◆ **Exercise description**
The answer is an exact repeat of the entries below, with the pictures omitted.

::: Data

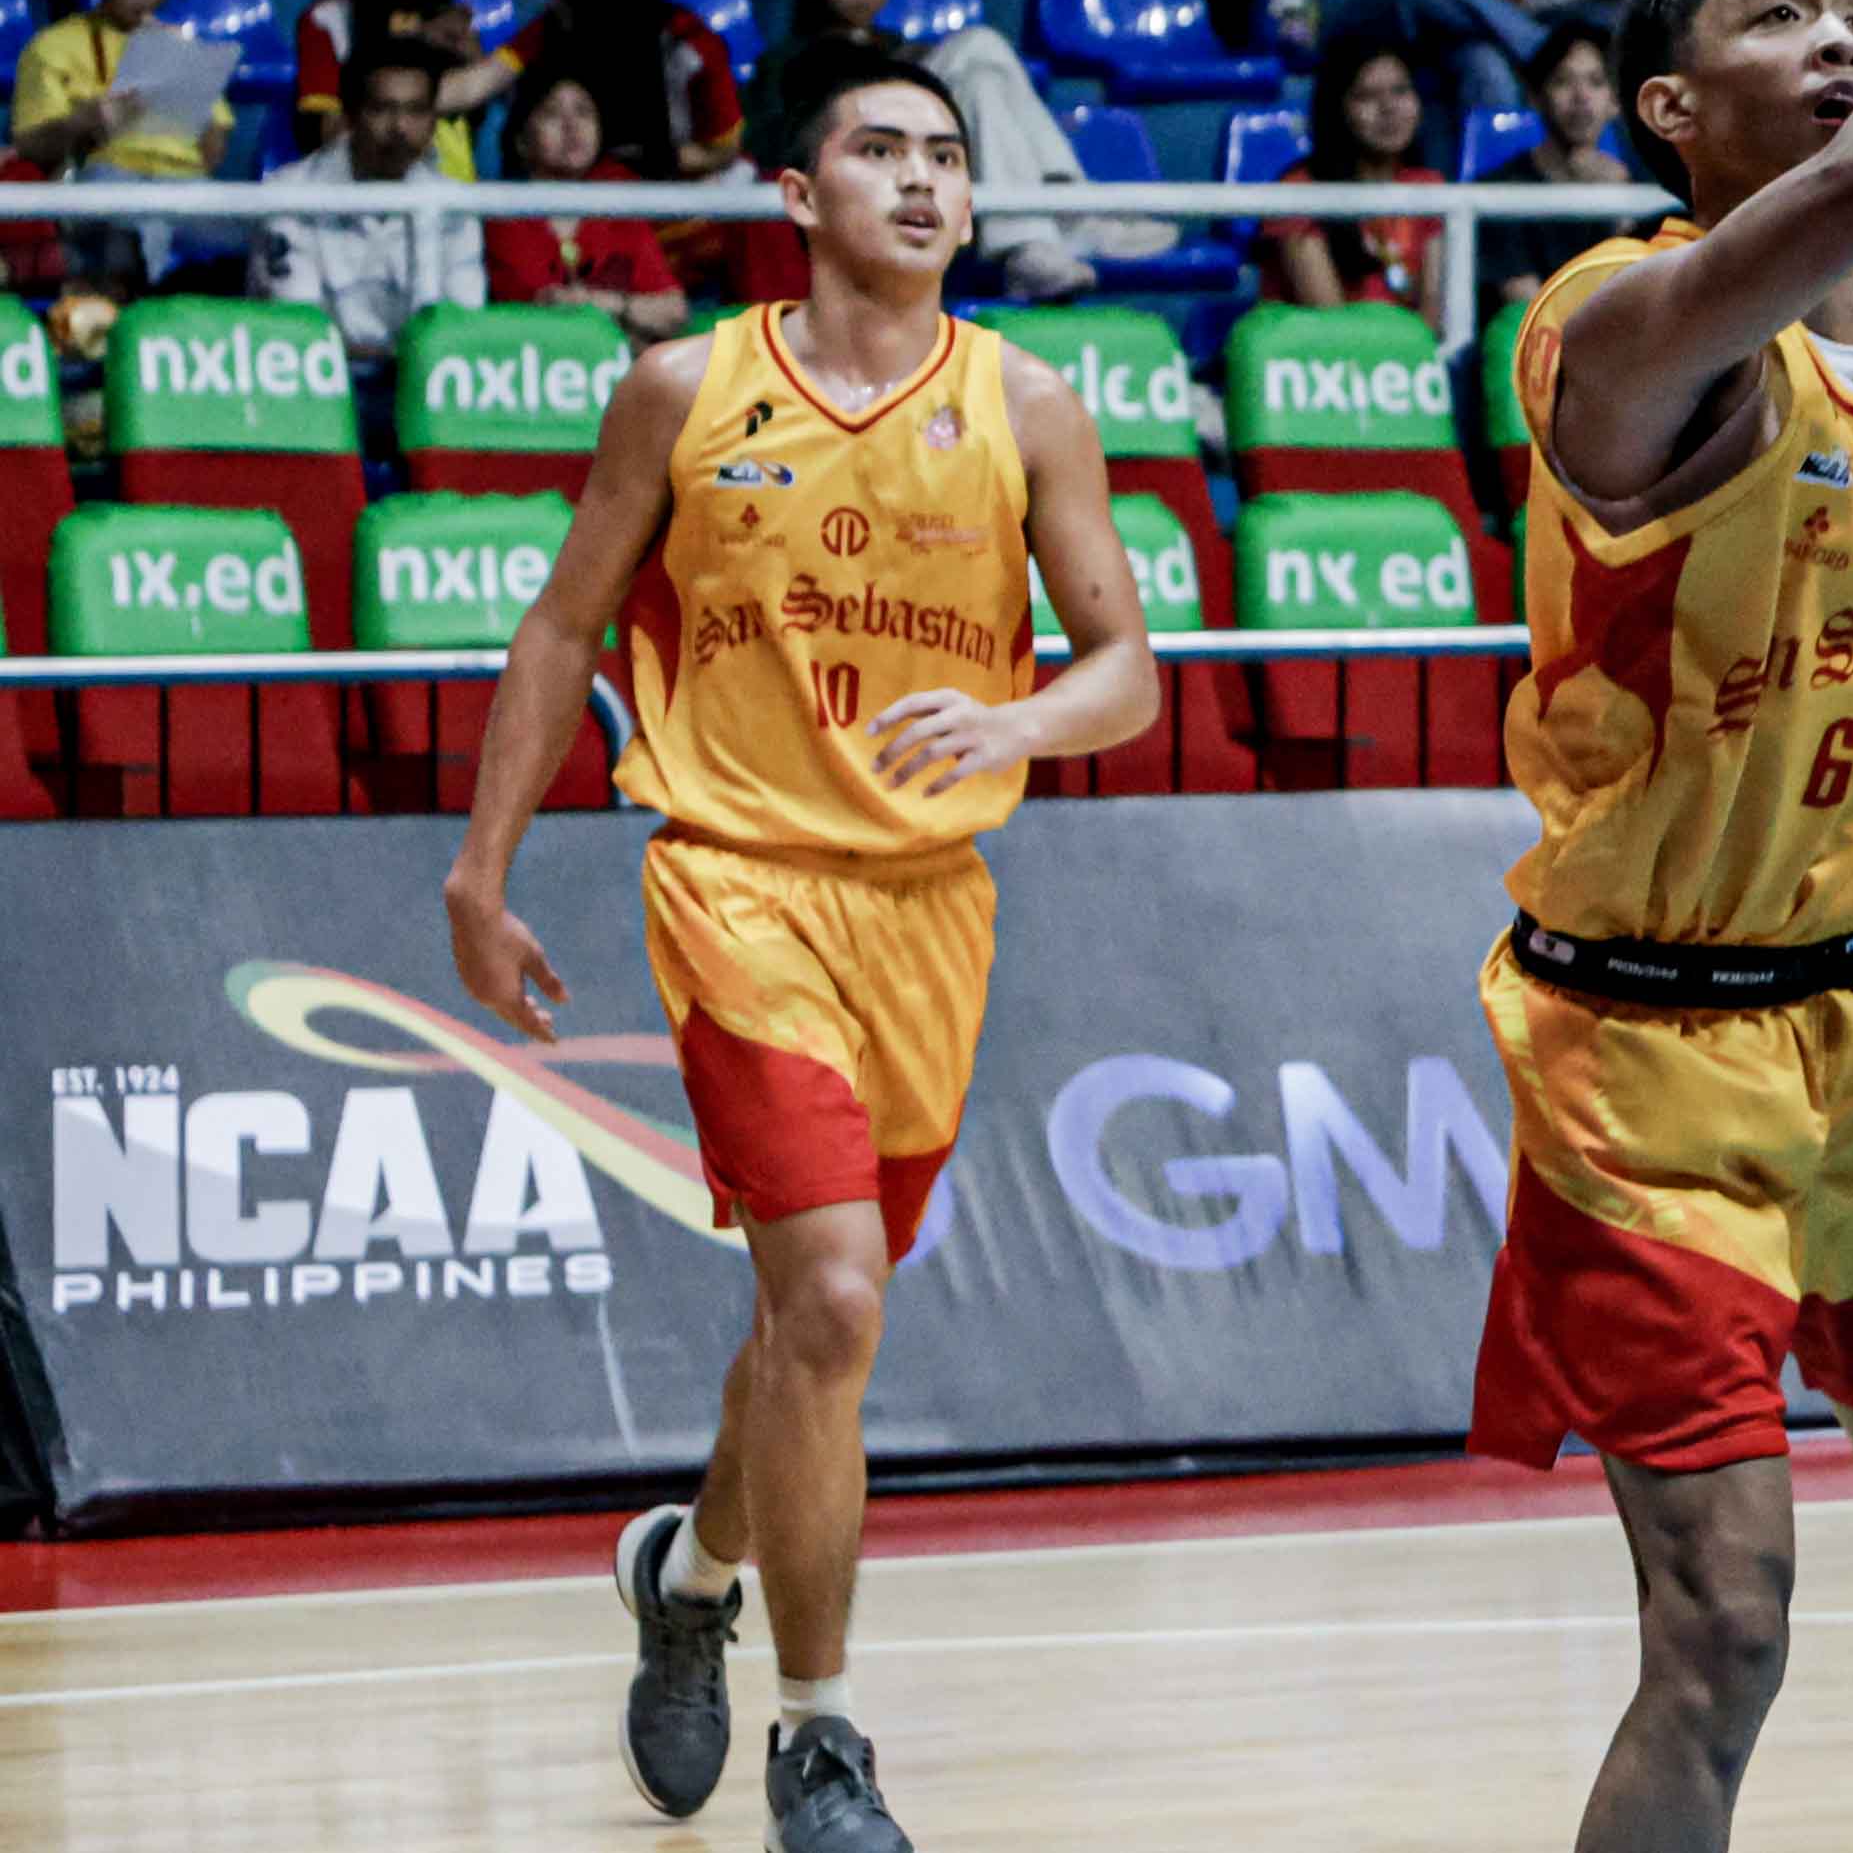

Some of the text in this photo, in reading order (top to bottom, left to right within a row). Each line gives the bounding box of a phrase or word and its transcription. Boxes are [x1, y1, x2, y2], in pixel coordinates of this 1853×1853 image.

[139, 324, 348, 396] nxled
[1266, 535, 1475, 608] nxed
[810, 658, 861, 731] 10
[52, 1065, 181, 1095] EST. 1924
[52, 1086, 606, 1270] NCAA
[52, 1252, 615, 1314] PHILIPPINES

::::::

◆ **Solved exercise**
Some of the text in this photo, in reading order (top to bottom, left to right within a row). Each line gives the bounding box of a phrase or word and its transcription. Boxes are [x1, y1, x2, y2], in pixel coordinates of this 1853×1853 image.

[139, 324, 348, 396] nxled
[1266, 535, 1475, 608] nxed
[810, 658, 861, 731] 10
[52, 1065, 181, 1095] EST. 1924
[52, 1086, 606, 1270] NCAA
[52, 1252, 615, 1314] PHILIPPINES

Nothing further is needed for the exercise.